[Work instructions]: Copy out every record below exactly as written, but leave out any pictures.

[Records for this task]:
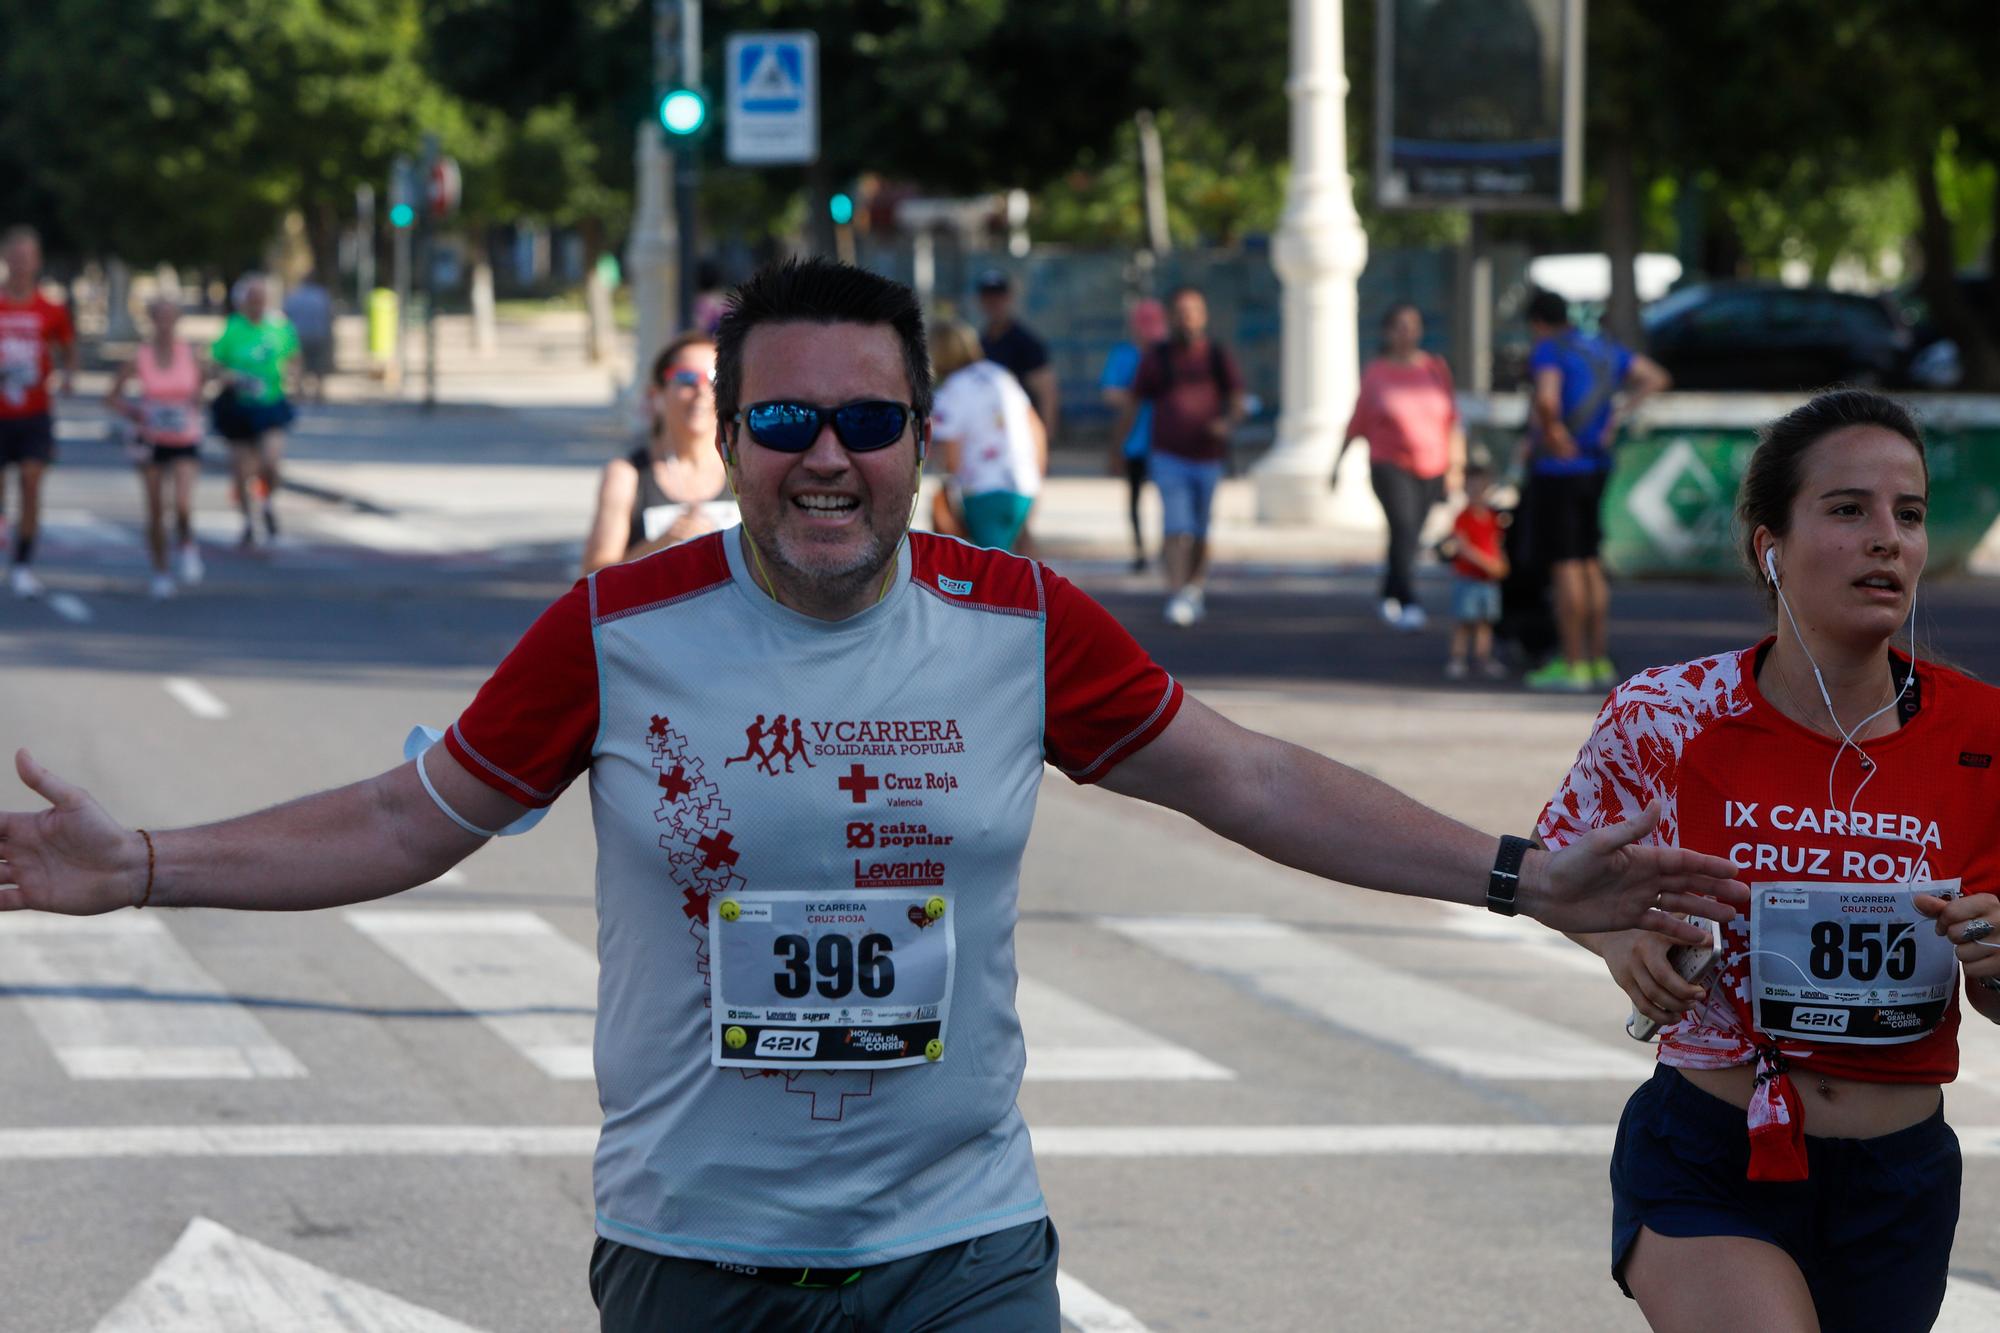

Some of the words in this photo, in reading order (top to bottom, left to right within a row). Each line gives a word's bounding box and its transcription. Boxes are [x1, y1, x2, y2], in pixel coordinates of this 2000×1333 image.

[835, 719, 963, 742] CARRERA
[814, 744, 897, 756] SOLIDARIA
[900, 742, 966, 755] POPULAR
[884, 773, 922, 789] Cruz
[925, 772, 958, 793] Roja
[887, 797, 923, 807] Valencia
[879, 823, 927, 834] caixa
[1725, 801, 1758, 827] IX
[1770, 807, 1942, 850] CARRERA
[879, 833, 954, 848] popular
[855, 859, 945, 879] Levante
[1729, 842, 1830, 875] CRUZ
[1842, 850, 1934, 883] ROJA
[806, 904, 815, 912] IX
[818, 903, 867, 912] CARRERA
[1852, 896, 1896, 904] CARRERA
[808, 915, 836, 923] CRUZ
[838, 914, 865, 923] ROJA
[1809, 921, 1916, 981] 855
[774, 933, 895, 999] 396
[803, 1012, 830, 1022] SUPER
[1796, 1013, 1845, 1027] 42K
[761, 1036, 813, 1051] 42K

[Response to the exercise]:
Some of the words in this photo, in reading order (top to bottom, left to right within a row). Each line gives a word's bounding box and its transcription. Boxes are [x1, y1, x2, y2], in pixel coordinates of this 2000×1333 image.

[835, 719, 963, 742] CARRERA
[814, 744, 897, 756] SOLIDARIA
[900, 742, 966, 755] POPULAR
[884, 773, 922, 789] Cruz
[925, 772, 958, 793] Roja
[887, 797, 923, 807] Valencia
[879, 823, 927, 834] caixa
[1725, 801, 1758, 827] IX
[1770, 807, 1942, 850] CARRERA
[879, 833, 954, 848] popular
[855, 859, 945, 879] Levante
[1729, 842, 1830, 875] CRUZ
[1842, 850, 1934, 883] ROJA
[806, 904, 815, 912] IX
[818, 903, 867, 912] CARRERA
[1852, 896, 1896, 904] CARRERA
[808, 915, 836, 923] CRUZ
[838, 914, 865, 923] ROJA
[1809, 921, 1916, 981] 855
[774, 933, 895, 999] 396
[803, 1012, 830, 1022] SUPER
[1796, 1013, 1845, 1027] 42K
[761, 1036, 813, 1051] 42K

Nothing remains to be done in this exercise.